Vermissen Sie manchmal die Praxis, wie Sie sie beispielsweise beim Zivildienst kennengelernt haben?

Was ich während meines Grundstudiums an der Universität schade fand war, dass die Theorien an der Universität sehr einseitig, nur intellektuell und ohne Praxisbezug gelehrt wurden. Da ging es um Begriffsexplikationen und Theoriegebäude, die mit der Praxis kaum im Zusammenhang standen.

Das ist an der Fachhochschule nicht der Fall?

Das Tolle an der Fachhochschule ist, dass es einen starken Theorie-Praxis-Bezug gibt.
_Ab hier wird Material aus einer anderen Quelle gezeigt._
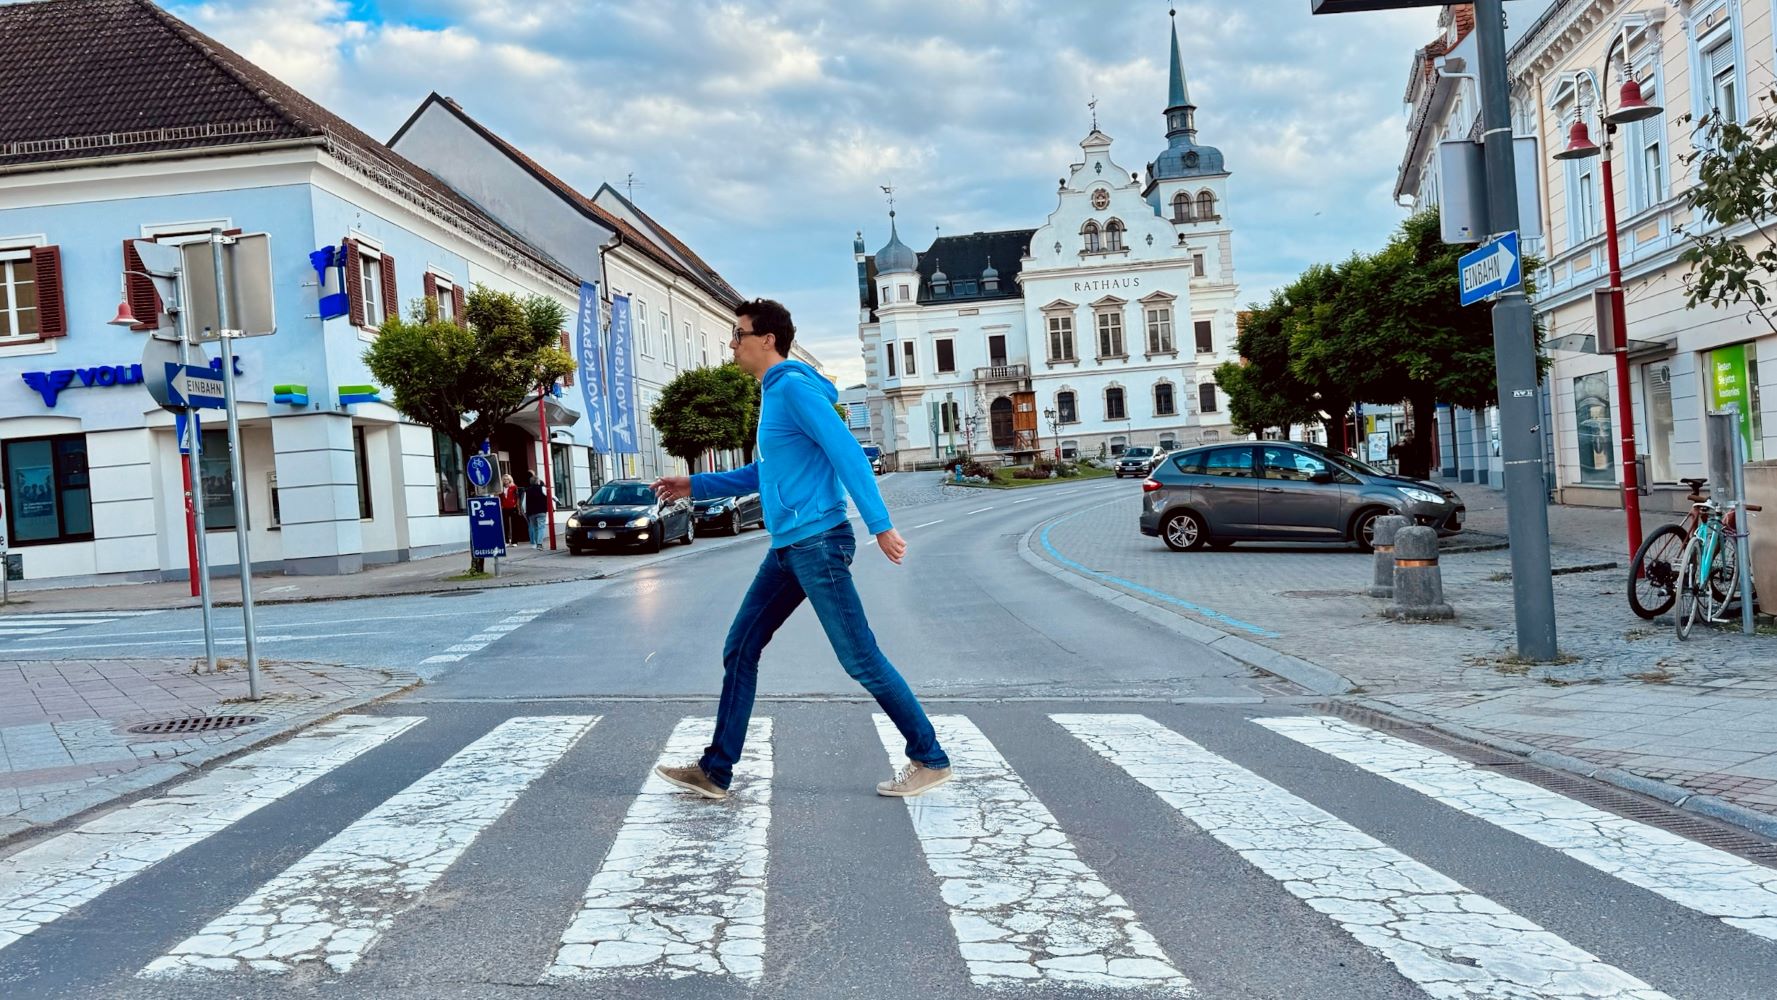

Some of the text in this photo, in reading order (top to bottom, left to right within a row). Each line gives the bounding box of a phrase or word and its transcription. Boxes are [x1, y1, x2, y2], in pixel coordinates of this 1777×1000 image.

[1464, 255, 1500, 290] EINBAHN
[1074, 277, 1140, 292] RATHAUS
[186, 379, 222, 395] EINBAHN
Und diesen versuche ich in meiner aktuellen Professur auch umzusetzen. Ich schaue immer, was theoretische Vorannahmen für das tatsächliche Handeln in der Praxis bedeuten. Eigentlich machen alle Theoretiker der Sozialen Arbeit auch immer Angebote, wie sie ihre Überlegungen in der Praxis vorstellen. Diese Verzahnung ist auch für die Studierenden wichtig, weil sie natürlich das Handwerkszeug brauchen.